The cost of the program is free and is six months long. Classes meet twice a week with each being two hours long. There are both day and evening classes. Students can also come to the school, when classes are not in session, to practice on the computers.
"We also have a whole human relations component to help them get better jobs. It covers how to get a job, writing a resume, interviewing, and all the other skills needed," said Freeman.
IN ADDITION TO computer training there is also an all volunteer mentoring program. "Right now there are about 15 mentors. But our goal is to get it up to one on one," she said.
Starting with only six students, Friday night's class of 30 was the largest. It started with 40 in January. A new class began this past Monday with a total of 55, Freeman noted.
The only cost is a $45 charge for materials. Upon completion each student receives a free Pentium One computer, complete with software and a modem. These are donated by businesses and individuals and refurbished at the Chubb Institute in Reston. All graduates were also presented with a computer users guide that was written by one of the volunteers, according to Freeman.
In presenting the certificates of graduation to the students, Alexandria Mayor Kerry Donley, said, "You graduates are living proof of the success of this program. We want successful citizens. We want you to be contributing members of the community.
"You have to have these skills just to keep up. Not only in the work place, but to be a successful parent you have to have computer skills. It is important that we communicate with our children on many levels, computers are one of those levels."
Donley also praised the church for taking the initiative to establish the program. "Our churches in Alexandria are our biggest untapped resource," he said.
ADDRESSING THE GRADUATES, Donley noted this was his third graduation ceremony at Computer C.O.R.E. "The first was in the small parlor downstairs. Now we're in fellowship hall and it's still growing," he said.

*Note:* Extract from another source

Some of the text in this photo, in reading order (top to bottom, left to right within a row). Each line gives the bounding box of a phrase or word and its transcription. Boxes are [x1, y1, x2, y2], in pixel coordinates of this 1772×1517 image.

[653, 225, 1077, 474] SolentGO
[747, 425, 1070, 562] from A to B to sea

Joining Donley in presenting the certificates was Renee McDonald, Legislative Assistant to Congressman James Moran (D-8), who read a congratulatory letter from him. Also present were Alexandria Vice Mayor William C. Cleveland, and Councilwoman, Redella S. Pepper.
School staff, in addition to Freeman, is composed of three parttime teachers, one parttime consultant, and 75 active volunteer teachers and assistants, Freeman verified. "Debra has just been hired as our new program director. Until now she has been donating 40 to 60 hours of her time per week," Freeman said.

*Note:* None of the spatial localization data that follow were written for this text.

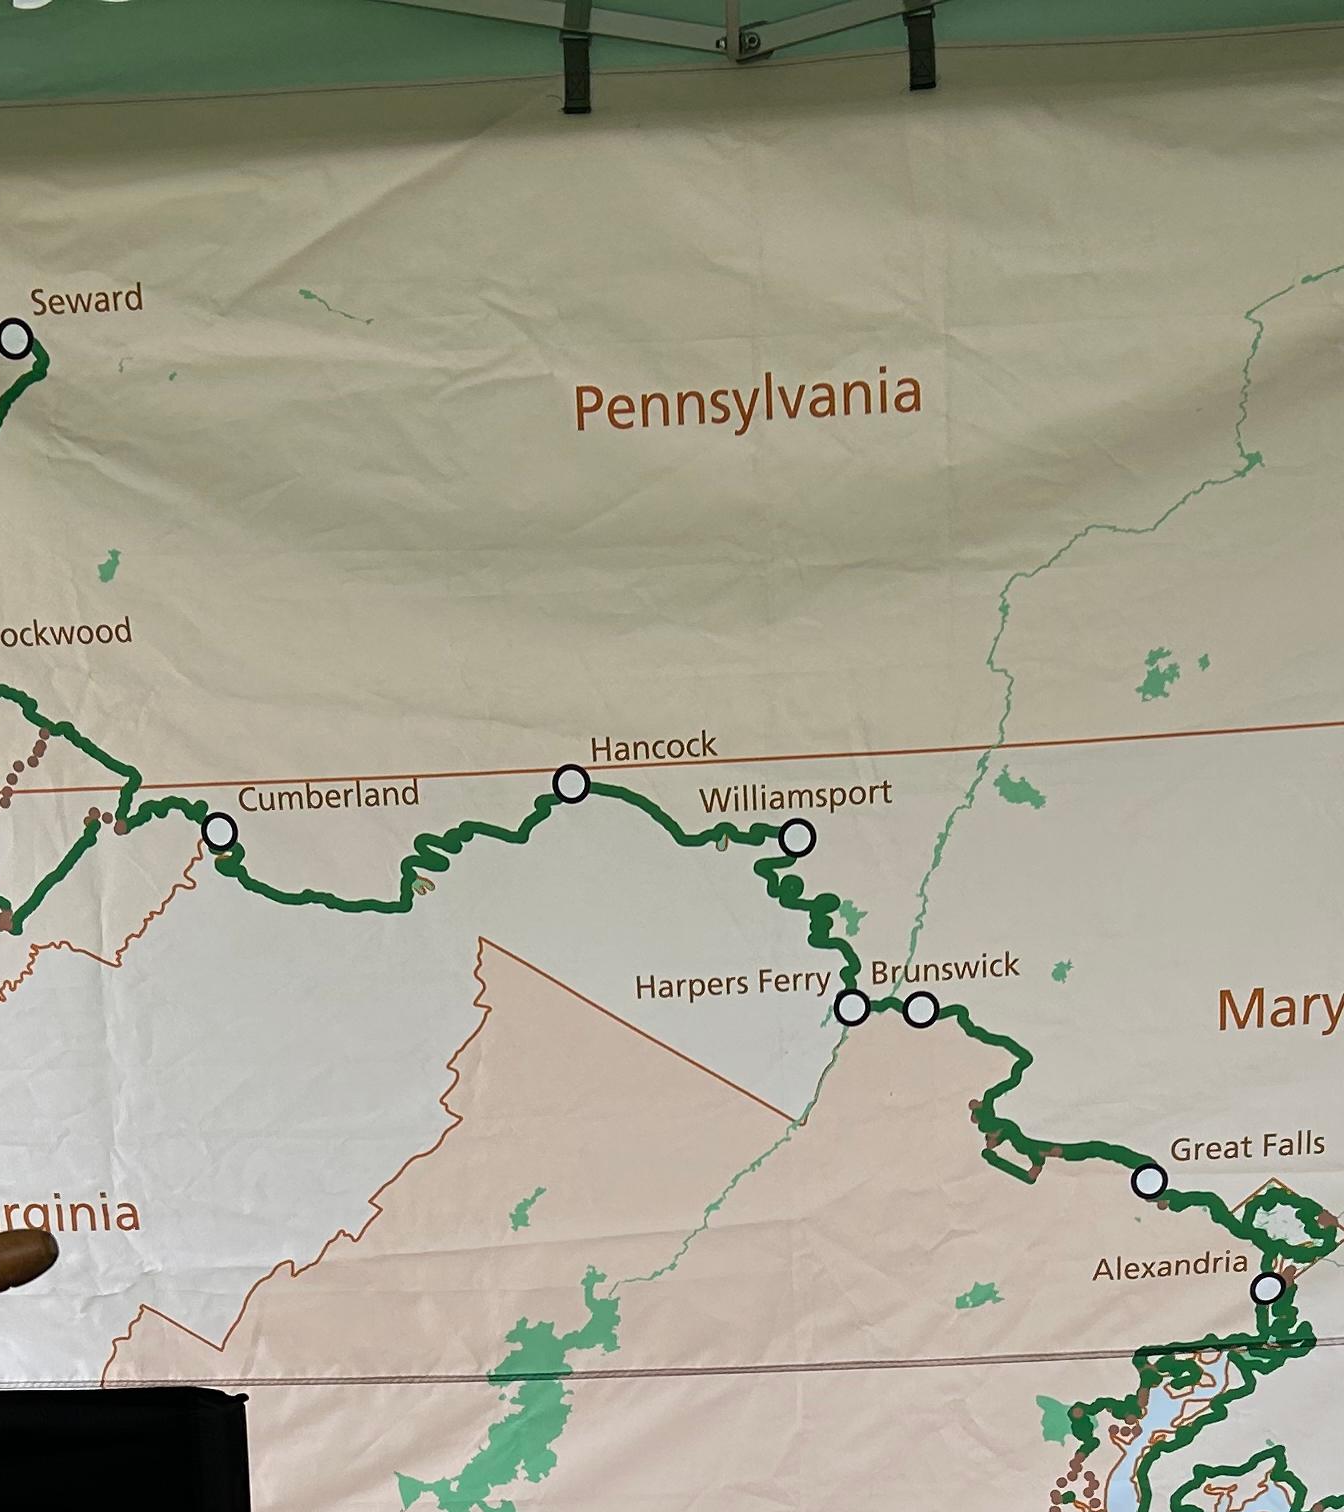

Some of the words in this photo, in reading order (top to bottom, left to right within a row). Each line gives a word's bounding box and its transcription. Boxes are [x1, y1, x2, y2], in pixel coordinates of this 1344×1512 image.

[31, 282, 142, 315] Seward
[575, 366, 921, 436] Pennsylvania
[592, 730, 717, 762] Hancock
[238, 781, 420, 812] Cumberland
[699, 780, 892, 813] Williamsport
[872, 951, 1019, 984] Brunswick
[637, 975, 748, 1003] Harpers
[760, 969, 831, 996] Ferry
[1171, 1136, 1252, 1161] Great
[1264, 1130, 1324, 1156] Falls
[1093, 1250, 1247, 1280] Alexandria

"We do do some screening to determine a student's proficiency level in English," Roepke explained. "It's necessary because of dealing with the computers. We get a lot of our students from the ESL [English As A Second Language] classes at Christ's Church."
Founded in 1999, more than 50 percent of C.O.R.E.'s annual budget is from in-kind contributions, including the space donated by the church, computers, and over 4,000 hours of volunteer service. The program includes:
* Basic computer training in keyboarding, Windows, Word, Excel, PowerPoint, the internet, and computer hardware,
* Workshops on professional development,
* Mentoring, and
* Job placement guidance that includes partnerships with local businesses that have agreed to interview graduates for entry-level jobs requiring computer skills.

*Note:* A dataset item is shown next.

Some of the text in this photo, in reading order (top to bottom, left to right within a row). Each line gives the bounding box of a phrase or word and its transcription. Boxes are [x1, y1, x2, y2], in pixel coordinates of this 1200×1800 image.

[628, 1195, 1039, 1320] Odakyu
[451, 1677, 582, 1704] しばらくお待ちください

"Many students have families and two thirds of current students are women. Recently there has been a dramatic increase in the number of foreign born students. They made up more than 50 percent of the recent class," according to C.O.R.E. statistics.
Friday night's graduating class was comprised of students representing Ghana, Ethiopia, Somalia, Russia, Sudan, Rwanda, Pakistan, Saudi Arabia, El Salvador, Zambia, and the United States.
"Some of the students have advanced degrees from their countries of origin but lack the necessary computer skills to obtain better paying jobs. The ultimate goal of our program is to help our students find better employment opportunities," Freeman said.